Il mondo che immaginava non era solo futuristico: era soffocante, umido, inondato di neon e pieno di decadenza. I ricordi di Scott dell’Inghilterra industriale settentrionale – il fumo, la pioggerellina costante, la sensazione che la città stessa fosse viva – divennero la spina dorsale di Los Angeles 2019. Lo definì “noir urbano del futuro”.
Eppure, la produzione fu caotica. Il cast e la troupe si scontrarono spesso con il perfezionismo di Scott. Harrison Ford, che interpretava Rick Deckard, si sentì sempre più frustrato dalle infinite riprese e dallo stile di regia freddo di Scott. La troupe arrivò persino a stampare delle magliette che lo prendevano in giro, con la scritta: “Sì, Guv’nor, il mio culo!”. Ma Scott rimase irremovibile. “Mi ringrazierete più tardi”, avvertì.

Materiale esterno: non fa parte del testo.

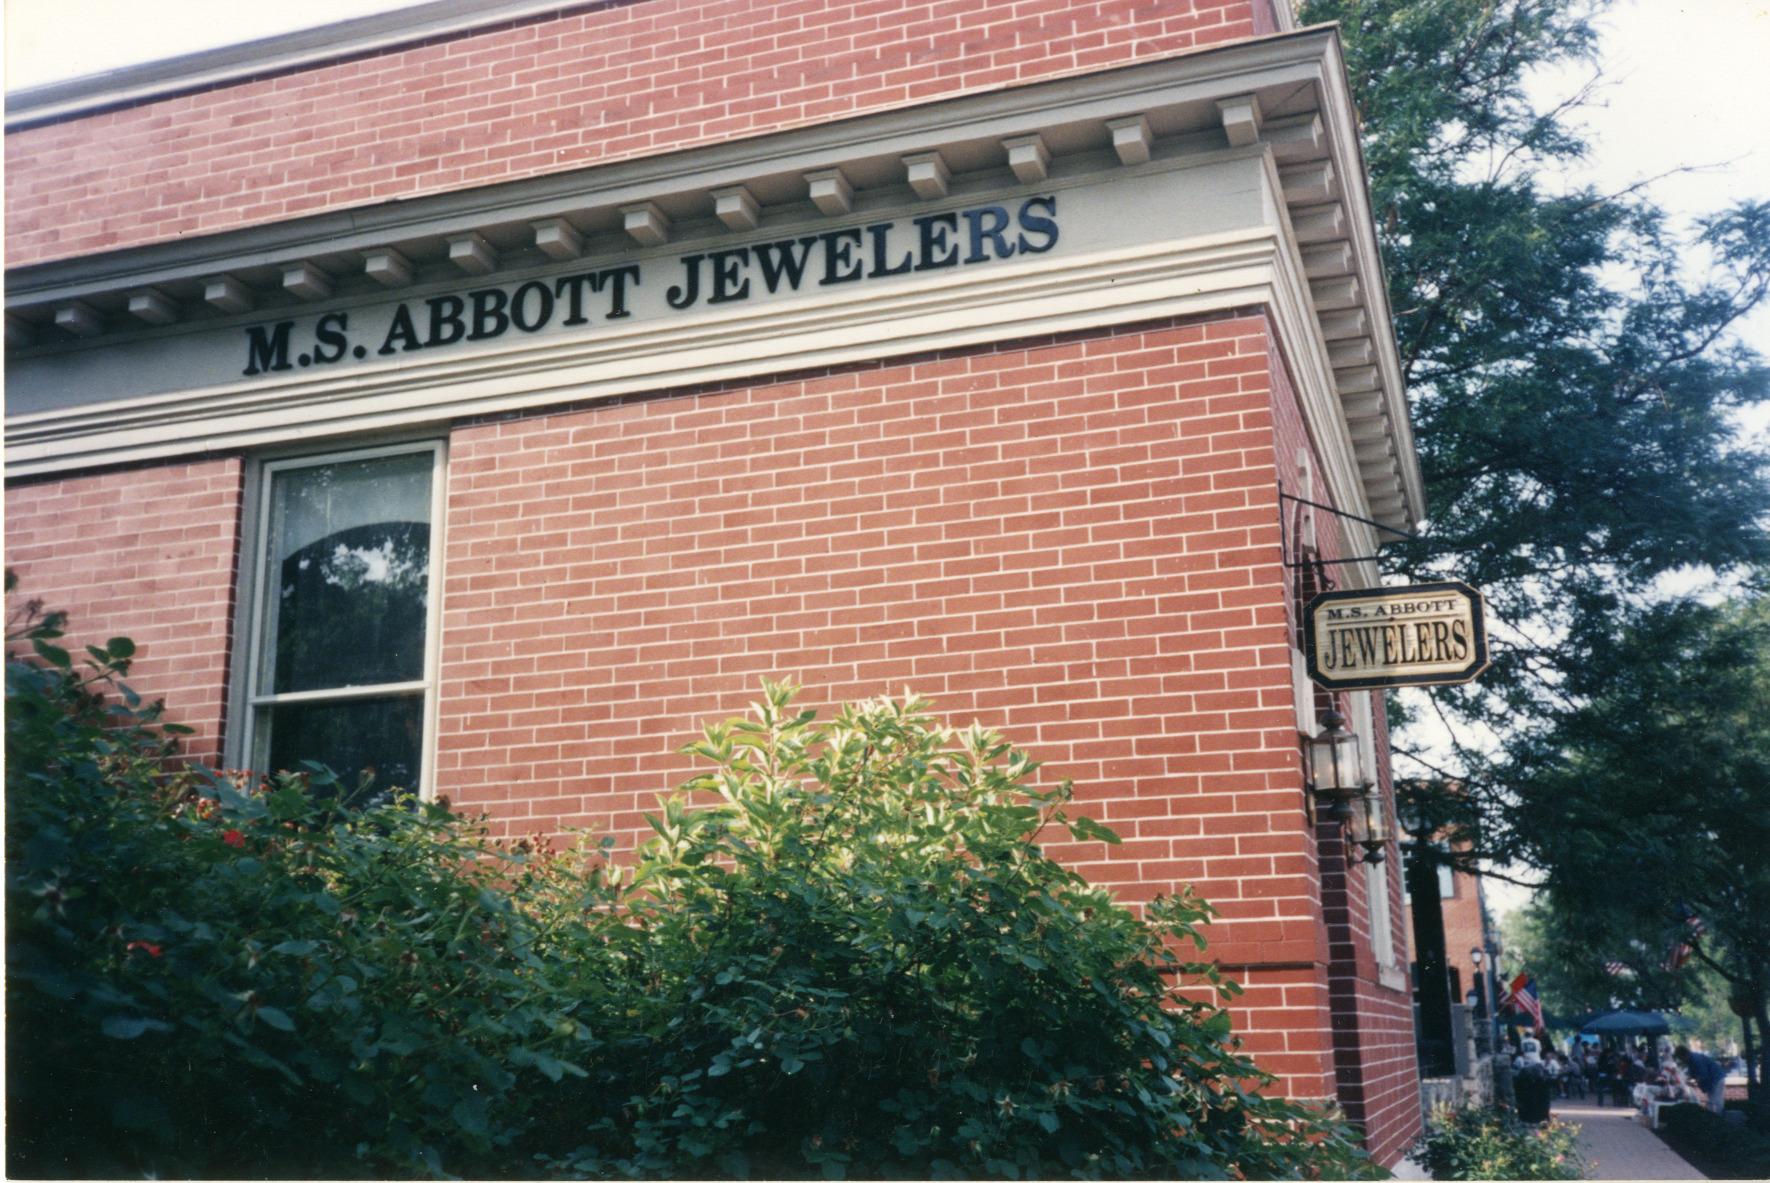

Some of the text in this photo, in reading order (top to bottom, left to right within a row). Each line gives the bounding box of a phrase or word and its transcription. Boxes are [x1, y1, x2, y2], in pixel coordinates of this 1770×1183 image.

[242, 195, 1060, 376] M.S. ABBOTT JEWELERS
[1328, 600, 1456, 619] M.S. ABBOTT
[1325, 620, 1467, 669] JEWELERS

E poi arrivò Philip K. Dick in persona. Inizialmente scettico, credeva che Hollywood avrebbe massacrato il suo libro. Ma quando vide le prime riprese, Dick rimase sbalordito: “Era il mio mondo interiore. L’hanno catturato: l’opera della mia vita, viva sullo schermo”. Tragicamente, Dick morì pochi mesi prima dell’uscita del film. Non vide mai il fenomeno di culto che Blade Runner sarebbe diventato.
Ancora più inquietante, alcune delle previsioni distopiche – schermi pubblicitari, dominio delle multinazionali, pessimismo climatico – sembrano spaventosamente reali oggi. Era come se Scott e Dick avessero intravisto il futuro.
Quando uscì per la prima volta nel 1982, il pubblico rimase sconcertato, la critica divisa. Eppure, come i replicanti stessi, il film si rifiutò di morire. Attraverso molteplici tagli, riscoperte e infiniti dibattiti, Blade Runner si trasformò in una leggenda.
Ridley Scott una volta disse: “Non è fantascienza, parla di cosa significa essere umani”. Ed è questo il vero cuore di Blade Runner: non macchine, non neon, ma l’inquietante domanda: cosa ci rende reali?